Low-Molecular-Weight Fucoidan Inhibits the Viability and Invasiveness and Triggers Apoptosis in IL-1β-Treated Human Rheumatoid Arthritis Fibroblast Synoviocytes.
Inflammation. 2015 Oct ;38(5):1777-86. PMID: 25787883
Fucoidan is a sulfated polysaccharide found mainly in various species of brown algae and brown seaweed. Here, we investigated the effects of low-molecular-weight (LMW) fucoidan (4 kDa) on interleukin-1beta (IL-1β)-stimulated rheumatoid arthritis fibroblast-like synoviocyte (RAFLS). 3-[4,5-Dimethylthiazol-2-yl]-2,5 diphenyl tetrazolium bromide assay and annexin V/propidium iodide assay were used to assess cell viability and apoptosis, respectively. Transwell assay was performed to evaluate cell invasion. Reverse transcription polymerase chain reaction, Western blot, and enzyme-linked immunosorbent assay analysis was done to measure gene expression and secretion. Nuclear factor-kappa B (NF-κB) DNA binding activity was determined by electrophoretic mobility shift assay.

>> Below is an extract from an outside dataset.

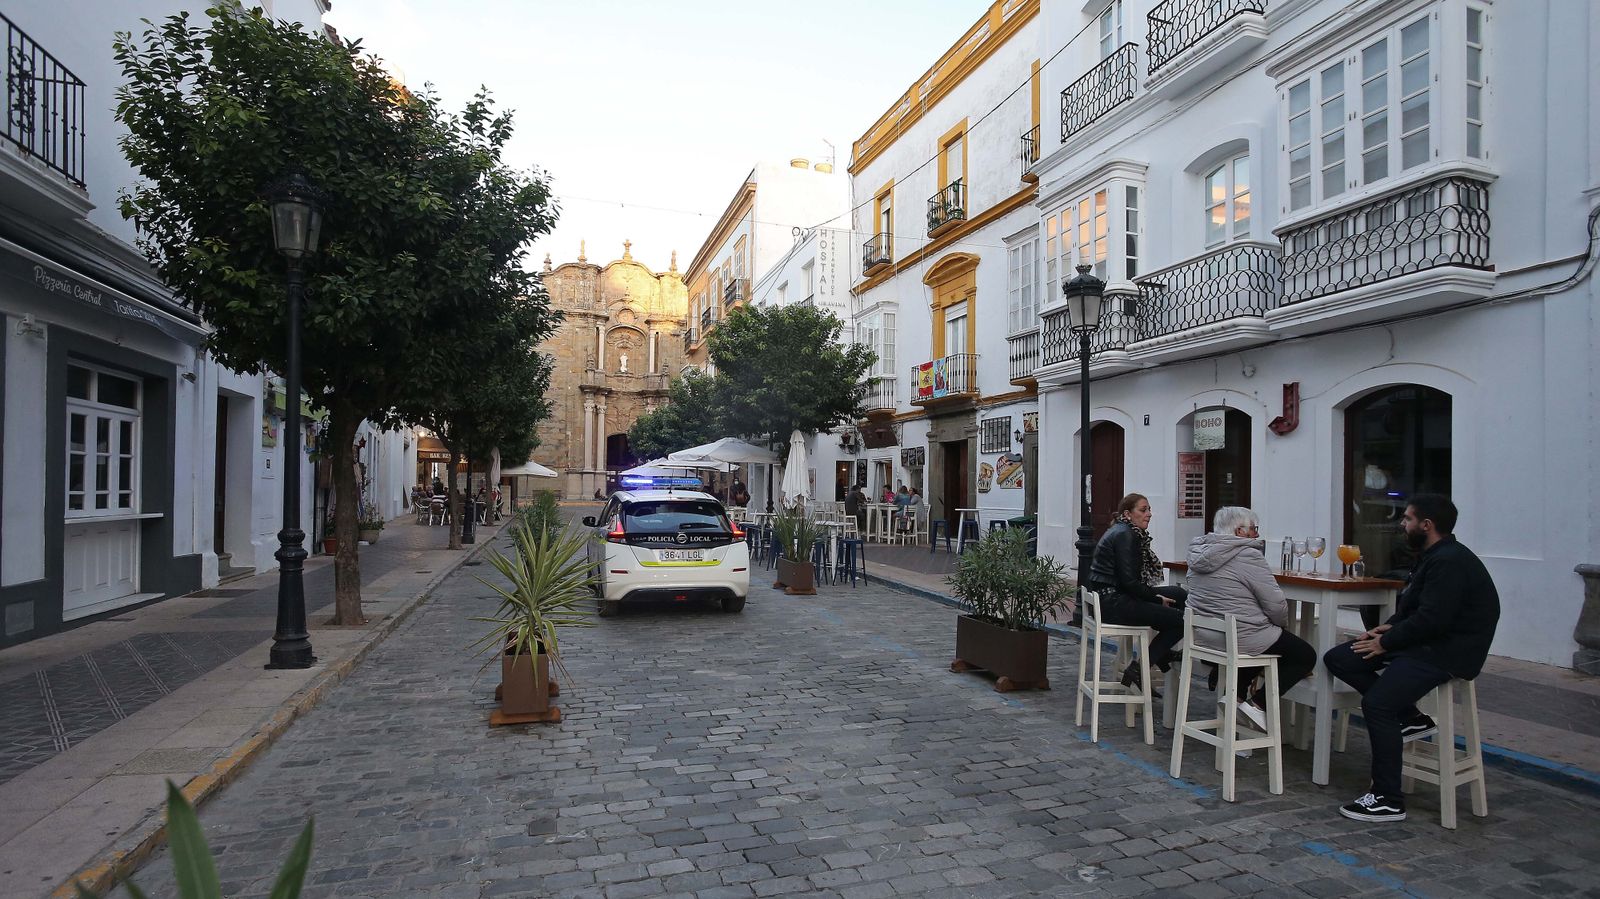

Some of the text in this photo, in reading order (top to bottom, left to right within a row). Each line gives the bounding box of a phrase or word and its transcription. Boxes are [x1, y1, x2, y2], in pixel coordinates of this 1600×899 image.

LMW fucoidan dose-dependently inhibited the viability and induced apoptosis of IL-1β-treated RAFLS. Fucoidan attenuated IL-1β-induced invasion of RAFLS and decreased the expression and secretion of metalloproteinase (MMP)-1, MMP-3, and MMP-9. Fucoidan suppressed NF-κB binding activity, p65 nuclear translocation, and IκB-α degradation in IL-1β-stimulated RAFLS. Additionally, IL-1β-induced phosphorylation of p38 but not ERK or JNK was significantly impaired by fucoidan treatment. LMW fucoidan reduces the viability, survival, and invasiveness of IL-1β-treated RAFLS, which is associatedwith inhibition of NF-κB and p38 activation. LMW fucoidan may have therapeutic potential in the treatment of rheumatoid arthritis.